Saturday, August 06, 2011

$1 million grant to aid Piedmont Triad International Airport in Honda projects

GREENSBORO — Money needed to convince Honda Aircraft Co. to expand its operation at Piedmont Triad International Airport has begun to flow.

And with the funds have come new details about the proposed $80 million project.

On Thursday, the Golden Leaf Foundation in Rocky Mount approved a $1 million grant to the Piedmont Triad Airport Authority, part of the $8.1 million the agency needs for infrastructure improvements requested by Honda.

Honda also has asked Guilford County and the city of Greensboro for a combined $1.29 million in incentives to expand its HondaJet operation at the airport.

“We gave them $1 million for a project code named 'Icing,’” said Dan Gerlach, foundation president. “It would be used to pay for part of a taxiway.”

Documents provided to foundation board members also say:

* The company wants to upfit space in an existing research and development building to manufacture aircraft components such as doors, wings and other parts.

The value of that addition has not been determined.

* The company would build two additional buildings — an 87,000-square-foot maintenance and repair operation valued at $20 million and a 100,000-square-foot aircraft parts distribution center worth $6.5 million.

The latter building likely would supply Honda’s other sales and service centers around the country.

* The 419 jobs associated with the project would be created between the fourth quarter of 2011 and the fourth quarter of 2014.

While the grant documents did not break down how many jobs would be provided by each part of the proposed expansion, a local official has called the manufacturing section “the big prize.”

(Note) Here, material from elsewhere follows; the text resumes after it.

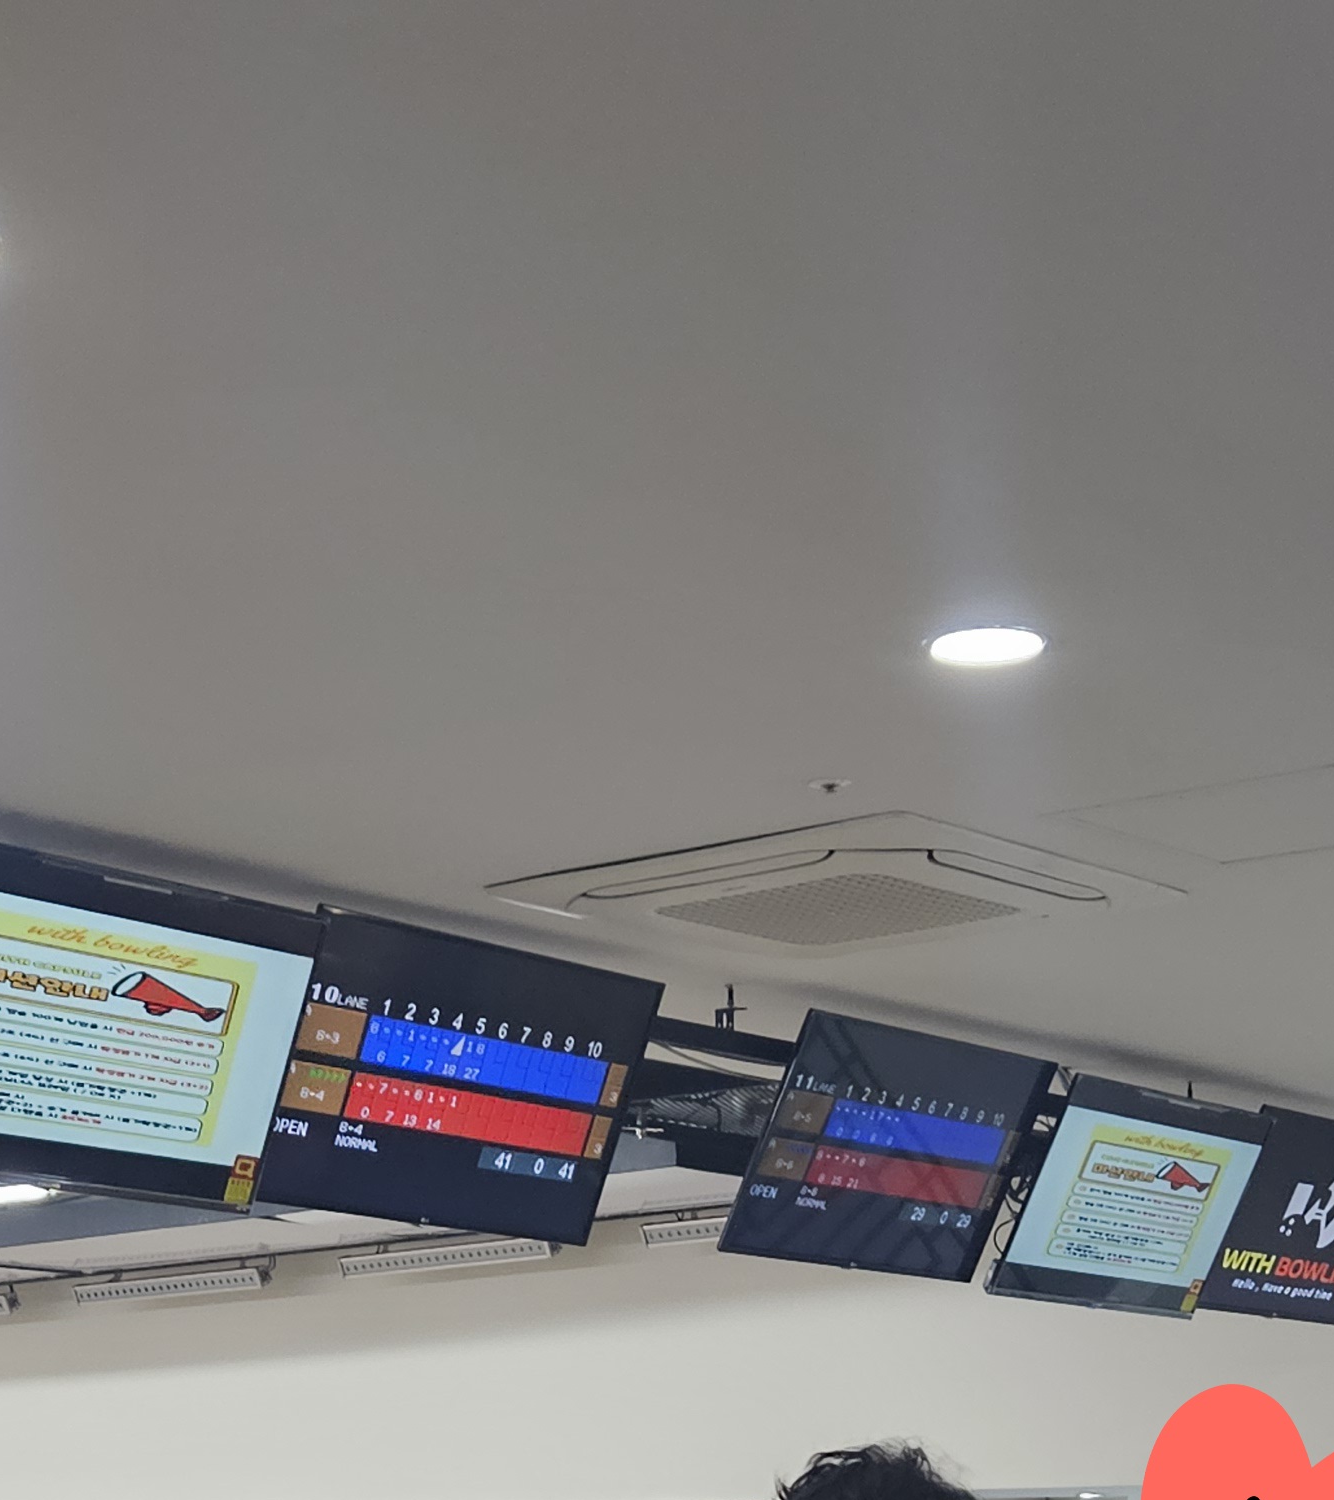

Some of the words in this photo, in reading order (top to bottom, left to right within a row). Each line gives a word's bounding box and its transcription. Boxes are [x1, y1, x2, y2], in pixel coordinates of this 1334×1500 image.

* The construction phase would create between 397 and 490 jobs.
* Honda would expand its existing 67-acre campus at PTI by an additional 40 acres, apparently to accommodate the new buildings.

Local officials said that PTI could land one, two or three parts of the project, all of them or none of them.

“All those scenarios are possible,” said Yvonne J. Johnson, a former Greensboro mayor and a member of the Golden Leaf board. “We think we will get something. ... I supported the grant wholeheartedly.”

Gerlach said the foundation, which administers part of the state’s 1998 settlement with cigarette makers, would pay the grant only if the authority can fund the whole project.

Kevin Baker, the airport authority’s executive director, would not comment on where he would get the rest of the money or on Honda’s plans.

“This is great,” Baker said of the grant. “If they end up picking our airport, this will be a big help.”

Johnson said the grant sends a positive signal to Honda. “It says, 'We appreciate you. We want you to stay. We want you to expand,’” she said. “'And here’s some money.’”

When Honda announced in 2007 that it would manufacture its $4.5 million HondaJet here, it won $1.4 million in local incentives and $6.7 million in state assistance.

Efforts to reach Honda spokesman Stephen Keeney for comment on Friday were unsuccessful. But on Thursday, he declined to provide additional details about the company’s plans.